Review: And Then I Found You by Patti Callahan Henry

Katie Vaughn runs a successful boutique in South Carolina. When she finds an engagement ring in her boyfriend’s drawer, she goes into panic mode, realizing she must confront her past before she can move forward. You see, Katie has a secret that has weighed on hear heart for over a decade—a secret which can open up a world of joy or condemn her to more heartbreak.
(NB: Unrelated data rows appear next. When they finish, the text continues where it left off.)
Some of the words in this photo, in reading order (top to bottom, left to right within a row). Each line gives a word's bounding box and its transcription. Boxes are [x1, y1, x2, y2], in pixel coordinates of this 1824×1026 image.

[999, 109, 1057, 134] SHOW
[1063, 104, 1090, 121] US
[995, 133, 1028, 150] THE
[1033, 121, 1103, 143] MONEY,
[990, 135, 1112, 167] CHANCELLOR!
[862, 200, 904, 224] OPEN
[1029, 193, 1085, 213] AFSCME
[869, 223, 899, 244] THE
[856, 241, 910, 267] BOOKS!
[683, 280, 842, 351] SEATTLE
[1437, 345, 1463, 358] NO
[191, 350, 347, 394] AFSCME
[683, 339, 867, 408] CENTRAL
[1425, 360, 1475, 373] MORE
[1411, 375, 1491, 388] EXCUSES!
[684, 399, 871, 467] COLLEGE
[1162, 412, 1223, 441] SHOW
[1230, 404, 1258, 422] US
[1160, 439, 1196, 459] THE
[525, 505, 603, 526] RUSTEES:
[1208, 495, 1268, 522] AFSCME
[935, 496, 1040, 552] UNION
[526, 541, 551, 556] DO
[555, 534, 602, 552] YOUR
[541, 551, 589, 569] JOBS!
Flashback: On the first day of spring, thirteen-year-old Katie falls in love with Jack. From their first kiss under a lazy Southern moon they believe they’re meant to be. College parts the couple, then law school for Jack. When Katie finds meaning as a counselor for troubled teens in the wilds of Arizona, Jack feels abandoned. He doesn’t understand her need to be so far away and pleads with her to return. She keeps telling him just a few months more…a few too many times. On their last visit together, Jack announces he’s moving on without her. Emotions run hot, and the couple has one last night together…a night with consequences that will echo for the rest of their lives.

Back in Arizona, Katie discovers she’s pregnant, and that Jack has married someone else. She bravely decides to give their daughter, whom they nickname Luna, up for adoption. And they go about their lives, trying to forget, but yearning to fill the empty aching places inside.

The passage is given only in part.